Peck, like Baldwin, is verbose, opinionated and eloquent, but he is keen to paint the writer as an influence rather than a peer—I Am Not Your Negro is based on an unfinished manuscript Baldwin started writing before his death entitled Remember This House.
James Baldwin in I Am Not Your Negro
“My connection to Baldwin is that I read him very early, when I was a young man, and he changed my life. He gave me the instruments to analyse who I was, where I was and also the narrative I was in, and who was telling the story; but my story was not being told. About 10 to 12 years ago I felt that we were at a point where we really needed some clarity. It was Trump before Trump; that you could feel. And because I lived in so many different places, I could see the degradation of the discussion; of intellect; of truth, even in Europe.
“The crazy thing is that Baldwin wrote this 50 years ago but when you see the film, you feel he wrote it today.

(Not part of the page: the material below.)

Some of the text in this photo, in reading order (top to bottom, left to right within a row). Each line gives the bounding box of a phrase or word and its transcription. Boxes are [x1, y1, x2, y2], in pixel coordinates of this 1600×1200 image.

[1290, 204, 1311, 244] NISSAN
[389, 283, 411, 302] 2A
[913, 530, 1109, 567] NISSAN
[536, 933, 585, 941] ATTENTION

He says—at a time when there were only three television channels in the US—that the entertainment industry seems to be the same as narcotics, like the use of narcotics… 50 years ago! And then today [we have] hundreds of hours of so-called reality shows? That’s one topic. You can do that with everything.”

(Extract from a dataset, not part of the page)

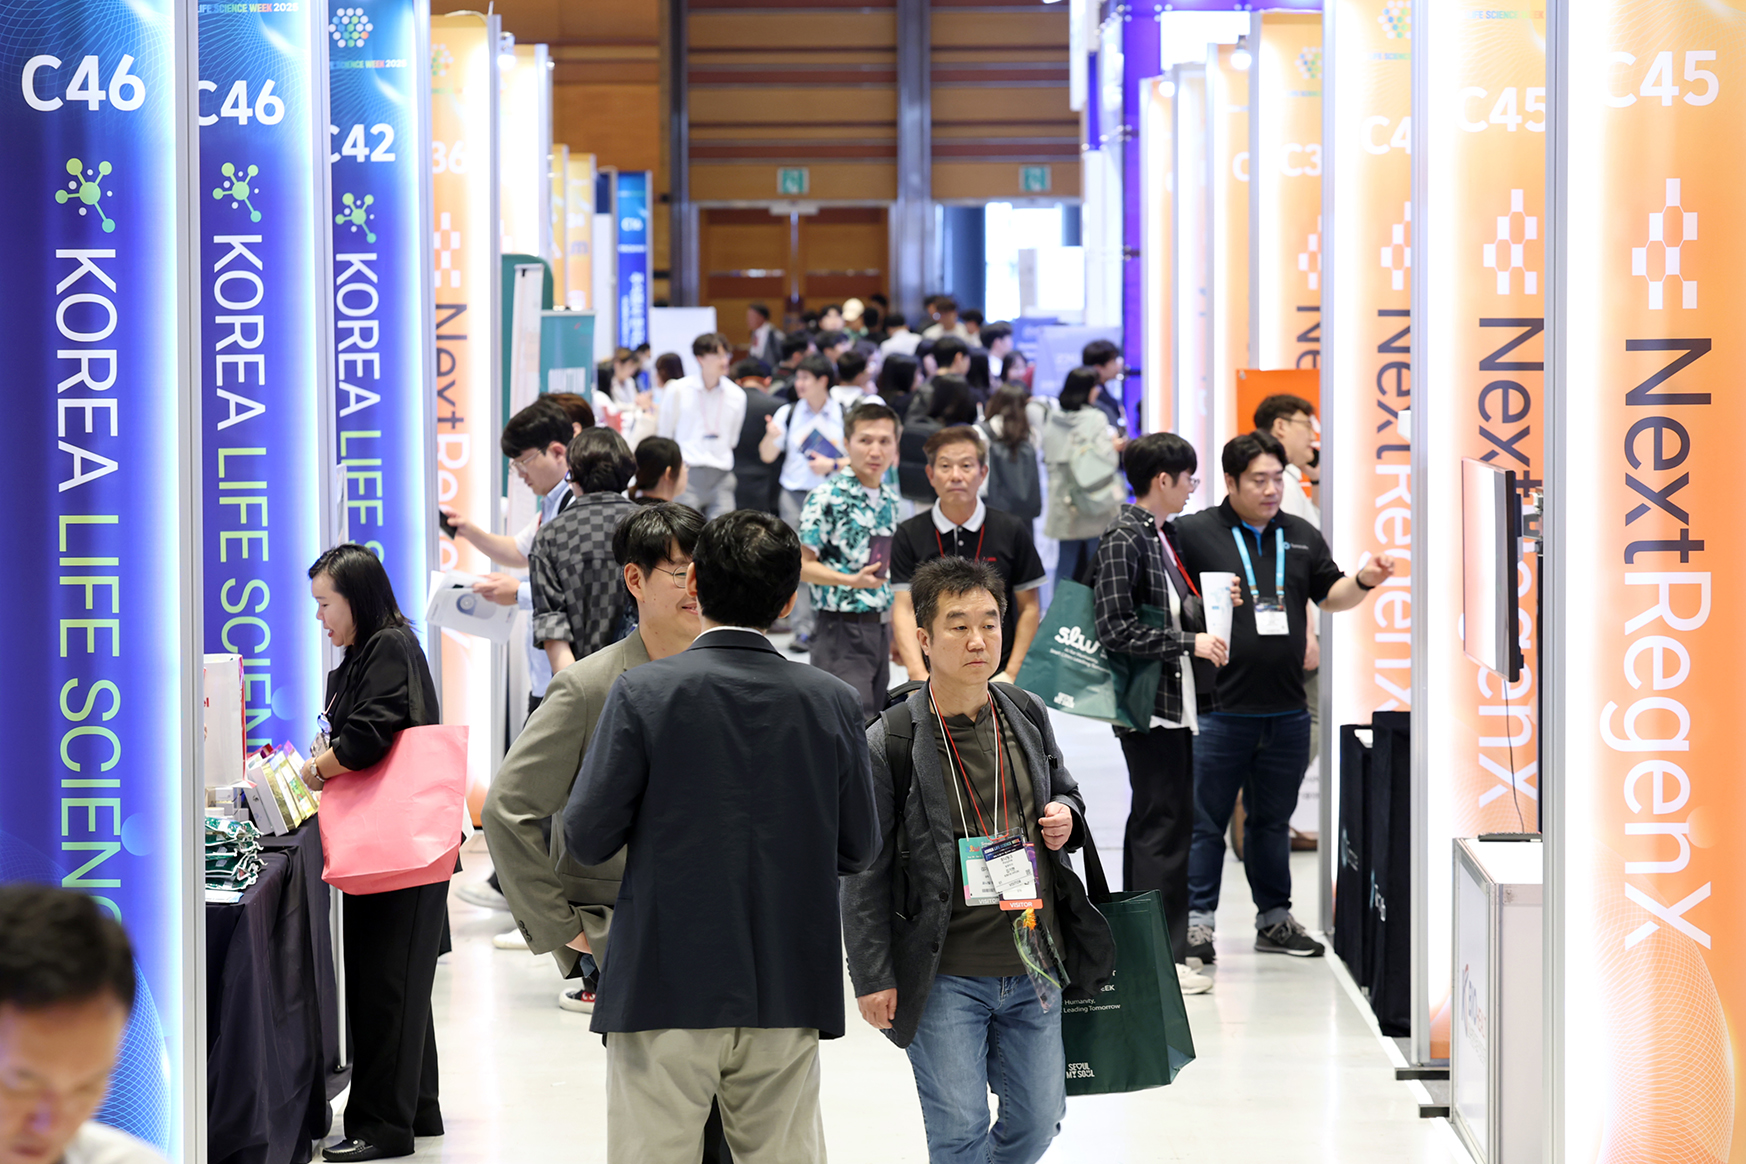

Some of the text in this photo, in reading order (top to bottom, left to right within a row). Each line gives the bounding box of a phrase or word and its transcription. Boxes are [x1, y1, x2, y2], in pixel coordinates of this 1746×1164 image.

Narrative is a word that comes up repeatedly when Peck speaks about race relations in the United States—but does the narrative of Civil Rights detract from writers like Baldwin and Lorraine Hansberry in favour of the more bombastic, electrifying duopoly of Martin Luther King and Malcolm X? Baldwin’s own manuscript for Remember This House was intended to focus on the lives of King, Malcolm X and Medgar Evers.
Peck feels history has definitely ignored certain elements of King’s legacy. Scholars, he says, “just take a moment of [his life] and frame it forever. They want to talk about the peaceful preacher, not the radical extremist that Martin Luther King became in the last two years of his life, because he had left the strictly racial agenda to [move to] a class agenda. His main problem was inequality in America, whether white or black. The next march to Washington would have been a march against poverty.”
Anti-miscegenation protesters, Little Rock, Arkansas, 1959
The rewriting of history is, in fact, something for which the filmmaker himself has come under fire from some quarters. Sporadic criticism has been aimed at I Am Not Your Negro for skirting round the subject of Baldwin’s homosexuality. But Peck doesn’t accept this, pointing to moments in the film, and by extension Baldwin’s own writing, that allude to the subject.
“My job is not to pre-think Baldwin. I’m trying to follow what he wanted to write. I’m not speaking in his place. So I have to be humble. He talks about his vacation with his boyfriend Lucian in Puerto Rico where there are all the FBI files [kept on them]; he makes a joke about Sidney Poitier and Rod Steiger not kissing at the end of the In The Heat of the Night. Those are allusions, but he’s a man of his time.”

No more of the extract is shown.